ARUTALA 24 | Siapa Kamu?

168 21 10
                                    

HAPPY READING

Pesta kini tengah menapak pada acara puncak, Fikar tampak lebih sibuk dibanding dengan tadi sehingga perhatian pada anak-anaknua semakin kendor. Seorang laki-laki jangkung berjalan ke arah Fikar, seperti ia tamu yang baru saja datang.

"Malam Pak, maaf ayah saya tidak bisa hadir. Jadi saya yang menggantikan," ujar laki-laki tersebut sambil menyalimi Fikar.

Fikar mengernyitkan alisnya. "Kamu anaknya Pak Khoir?"

"Iya."

"Silahkan dinikmati pestanya." Fikar mempersilahkan.

Dari arah pintu masuk, terlihat Maheer baru saja sampai. Fikar mengedarkan pandangannya mencari sosok Lauren, namun nihil sosok yang ia cari tidak ada di sana.

"Mauren kemana A? Bukannya abi udah bilang, jagain Mauren, jangan sampe Mauren pergi sendirian."

"Mauren pulang bi," balas Maheer.

"Pulang? Sama siapa? Supir?"

Maheer mengangguk memberikan jawaban. Air wajah Fikar seketika berubah, pria itu tampak begitu khawatir pada Mauren. Sesekali ia membuang nafas kasar, ia mengusap wajahnya dengan kedua tangannya menandakan kegelisahan.

"Biarin aja bi, dia pasti bosen, di sini juga cuman duduk-duduk doang." Suara Alma membuat Fikar dan Maheer menoleh secara bersamaan pada wanita yang berjalan mendekat pada mereka.

"Tapi--"

Alma mengusap punggung Fikar memberikan ketenangan. "Sudah bi, jangan terlalu berlebihan. Dia cuman bikin malu kita aja bi," ucap Alma.

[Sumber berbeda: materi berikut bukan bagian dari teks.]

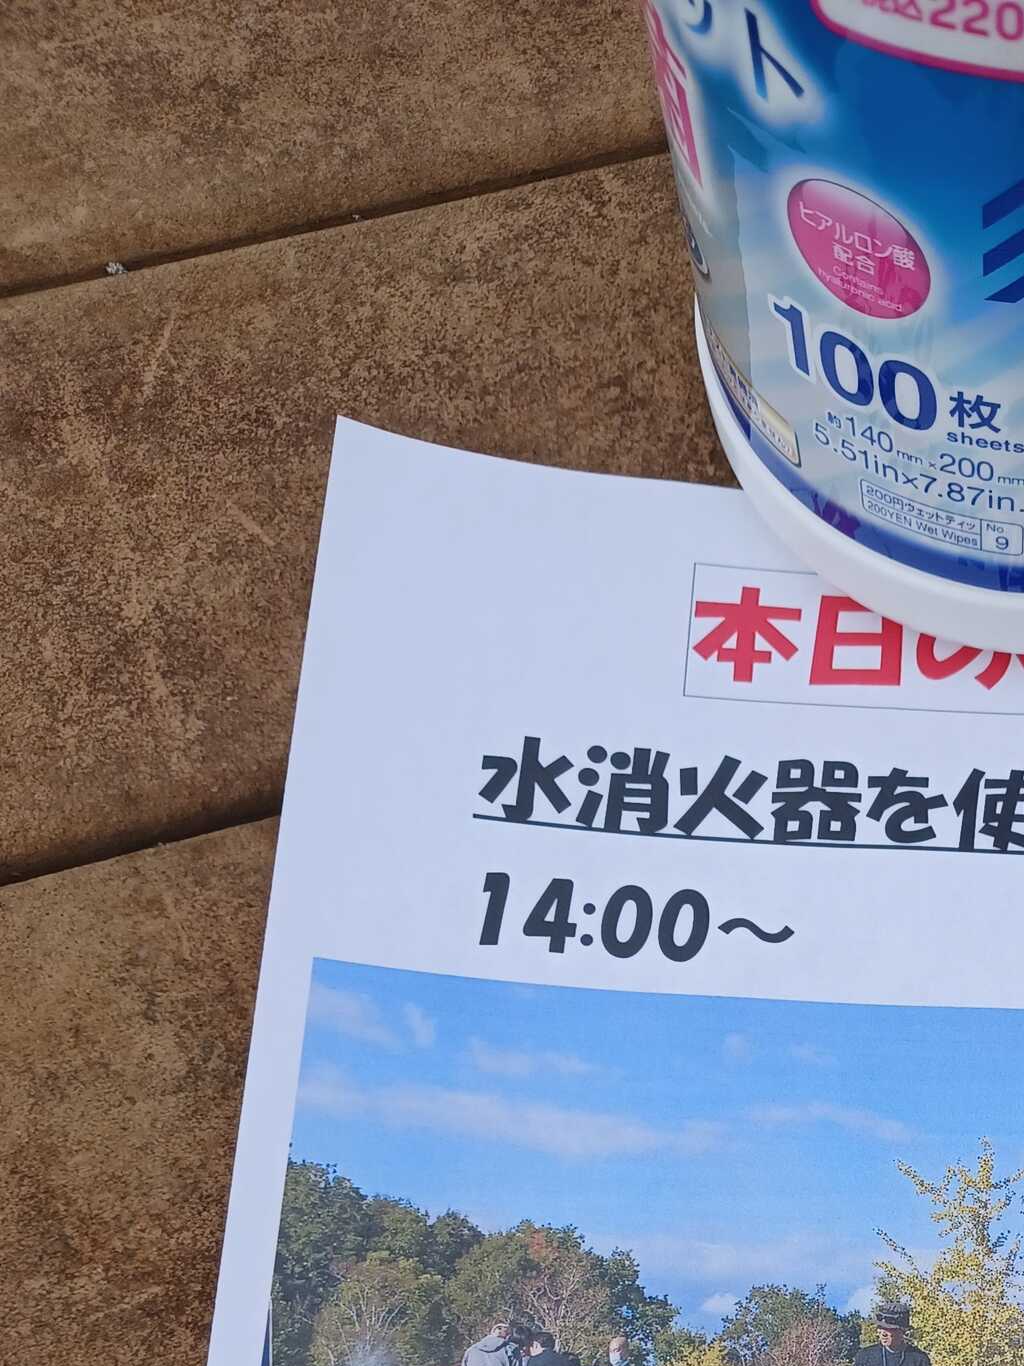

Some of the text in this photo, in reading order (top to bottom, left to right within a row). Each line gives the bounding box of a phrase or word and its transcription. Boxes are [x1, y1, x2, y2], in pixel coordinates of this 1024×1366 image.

[800, 201, 915, 271] ヒアルロン酸
[832, 241, 874, 275] 配合
[947, 431, 1024, 453] sheets
[867, 500, 978, 546] 200YEN Wet Wipes
[996, 536, 1009, 550] 9

"Kamu diam saja!" seru Fikar kesal kemudian pergi meninggalkan Alma.

Seperti ada keributan kecil, atensi seseorang beralih pada Fikar serta Alma. Ia menatap pemuda yang sedang berdiri diam di samping Alma, pemuda itu tampak tidak asing di matanya. Tapi dimana ia bertemu pemuda tersebut?

.

Gerimis melanda kota Bandung, kata orang Bandung akan terlihat estetik ketika turun hujan. Dingin angin malamnya begitu menyergap jiwa yang kesepian, ditambah suara rintikan hujan membuat melodi kesedihan semakin terasa. Mengundang buliran kristal dalam mata terpancing keluar, setetes demi tetes yang akhirnya mengajak sungai di pipi.

Mauren hanya bisa merasakan dinginnya malam, tanpa bisa melihat semua hilir mudik kehidupan. Ia ingin melihat langit malam dengan bintang dn bulan, seperti yang ia lihat bersama Agatha di balkon rumahnya. Menyesal, ia tidak pernah mendongak menatap langit dari sudut pandang berbeda. Mungkin saat itu, kali pertama dan terakhirnya ia menatap langit dengan segala keindahannya.

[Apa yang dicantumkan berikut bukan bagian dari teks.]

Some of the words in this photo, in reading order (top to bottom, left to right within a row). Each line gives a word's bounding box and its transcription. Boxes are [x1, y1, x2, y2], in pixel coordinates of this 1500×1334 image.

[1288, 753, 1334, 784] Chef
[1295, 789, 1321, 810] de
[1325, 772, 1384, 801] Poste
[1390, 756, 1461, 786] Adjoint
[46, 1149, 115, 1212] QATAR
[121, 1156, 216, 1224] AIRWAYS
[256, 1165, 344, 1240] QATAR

"Bu, manusia di muka bumi ini banyak, namun mengapa Tuhan menumpahkan segala ujiannya ke gua?" Mauren berbicara pada kucing kesayangan uminya itu. Ia mengelus bulu lembut Bubu.

"Umi jahat bu, beliau suka ngata-ngatain aku. Eum, umi pasti malu punya anak buta kayak gua."

"Gua bukan anak penurut, umi pasti kesel banget. Wajar kan kalo marahin gua? Tapi gua sakit bu." Mauren memegang dadanya, "di sini, di dalam ini rasanya sesak."

"Kamu jangan ngadu ke umi ya?"

Kucing itu hanya menduselkan kepalanya pada Mauren memcari kenyamanan. Mauren tersenyum simpul, kemudian ia mengusap air matanya yang sejak tadi mengalir. Ia mulai bebaringkan tubuhnya, lelah, gadis itu ingin beristirahat untuk mengisi energi.